Without realizing it (believe me, there are a LOT of things you miss in that sleep-deprived, first month of new baby)... I was regularly eating 2 boxes of oreo cookies per week. Yes, its true. Full of trans fat and sugar. I was putting that stuff into my body regularly. By the time I realized I needed to stop eating so much sugar, I was full-blown ADDICTED. Every night, and even some times during the day all I wanted was sugar; and I wouldn't feel satisfied if I didn't get it! Sugar in my tea, and I'd even try to have 'better' store bought cookies around the house instead of oreos. To eat when I had cravings - which was constantly.
I tried quitting cold turkey, but in my sleep deprived state, that wasn't successful. I'd cave by noon... (huge success, eh?!). Hmmm... eliminating them from my diet wasn't working.... so after a few failed attempts, I decided to try a new tactic. I was going to MAKE cookies. I started with regular chocolate chip cookies because goodness knows I needed chocolate!! I made 1-2 batches every few days, and slowly adapted the recipe to have less sugar, then no sugar but mashed banana or applesauce in place of sugar, then also changed it from wheat to almond flour or coconut flour (I was experimenting with my new discovery of the paleo diet at this time). I always allowed myself to have a cookie IF I WANTED IT... over time, eventually, I felt "oh, I actually don't want one right now". Believe me! It was a SHOCK to me when I felt that way for the first time after an extended time of regular cookie eating.

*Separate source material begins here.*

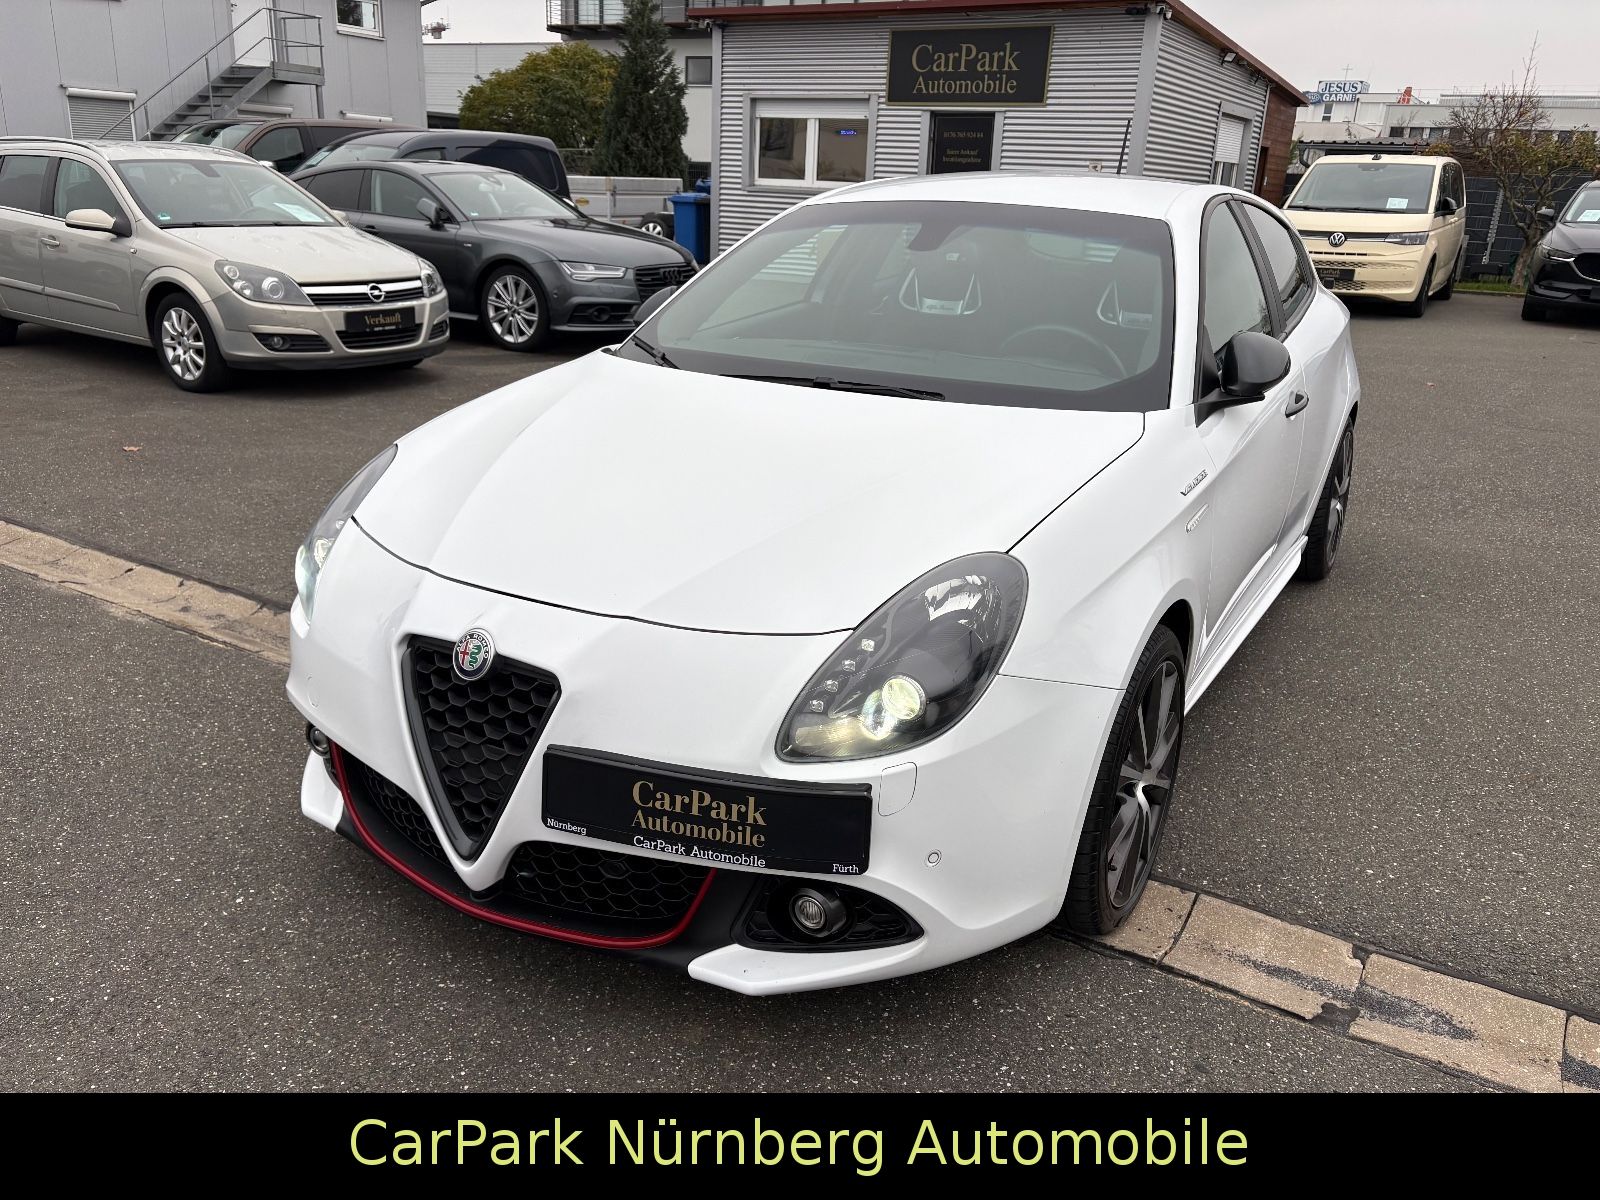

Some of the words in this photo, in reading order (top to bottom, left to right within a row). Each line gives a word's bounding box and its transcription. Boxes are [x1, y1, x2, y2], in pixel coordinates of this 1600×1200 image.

And you know what? It took 3 months to wean myself off sugar. yes, a WHOLE 3 MONTHS! But by reducing sugar SLOWLY OVER TIME, my addiction and cravings started to subside. And I didn't go through withdrawal symptoms of the sugar addiction.
This is an example of why I don't encourage "dieting" and "deprivation". I encourage ADDING healthy food to what you are already eating, and over time, SLOWLY reducing the unhealthy food. Not only do you have a better change of being successful, but this is also sustainable!